Toni - posted on 02/18/2010

16

5

3

mine is the same way.. he works all week. i clean. i work on the weekend. I clean.. LOL.

Brittany - posted on 02/18/2010

22

12

1

sometimes i swear its like talking to a wall when i ask him for help! other times he looks like a conffused dog when i even mention the word clean. and forget about changing our daughters diaper or giving her a shower ... aint gonna happen. sometimes i really think men need to be smacked int he head sometimes. its like we have to grab them by the hand and lead them to what needs to be done like a little child. so why waste the time .. i just do it myself instead of asking him and then starting a fight .. just a waste of my breath honestly....

Zarah - posted on 02/18/2010

1

12

0

he doesnt even know the meaning!
pretty good at ironing and pot washing so hes forgiven..

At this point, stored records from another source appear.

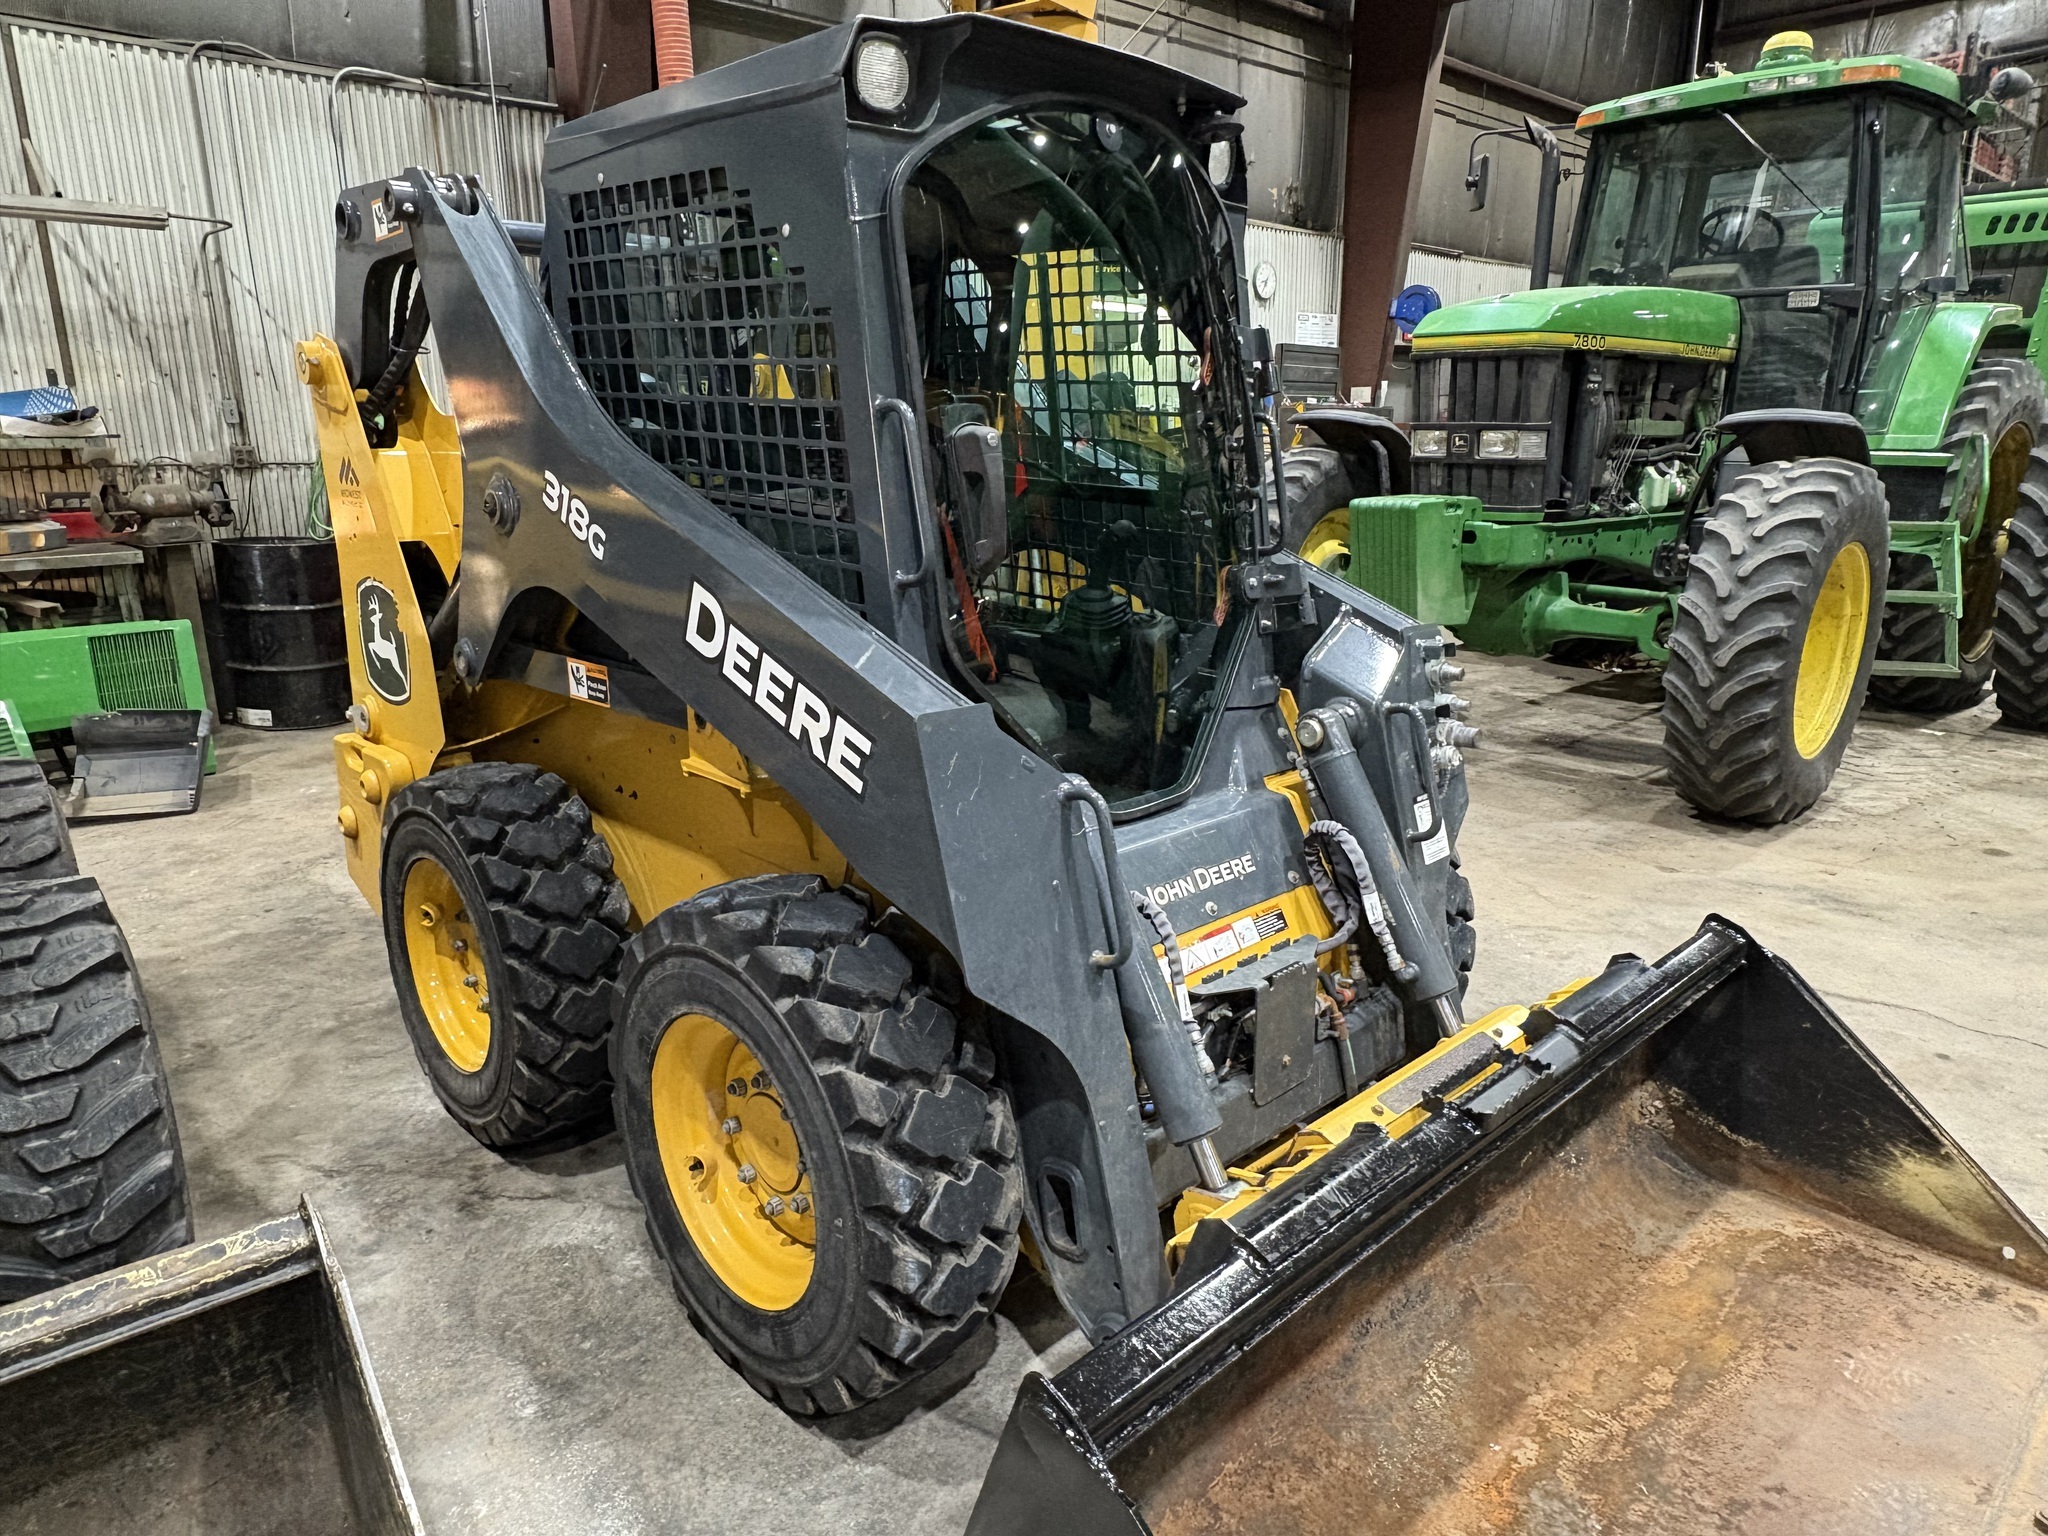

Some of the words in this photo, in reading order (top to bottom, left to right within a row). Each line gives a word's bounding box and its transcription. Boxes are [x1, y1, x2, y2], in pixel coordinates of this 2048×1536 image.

[1573, 334, 1606, 349] 7800
[1681, 343, 1700, 357] JOHN
[542, 469, 607, 561] 318G
[685, 580, 872, 795] DEERE
[1145, 875, 1196, 906] JOHN
[1193, 854, 1257, 891] DEERE

Sylvia - posted on 02/18/2010

10

6

0

Don't clean all day! Enjoy time with your child/ren, life is too short. Maybe your husband could help you after teatime with washing dishes,etc. and you could give your house a thorough clean once a week, maybe at weekends. My neighbour used to keep my daughter for an hour every Friday to let me do this, I used to keep her daughter for an hour every Thursday when she did her housework. Compromise! Happy houses are not toy free and tidy!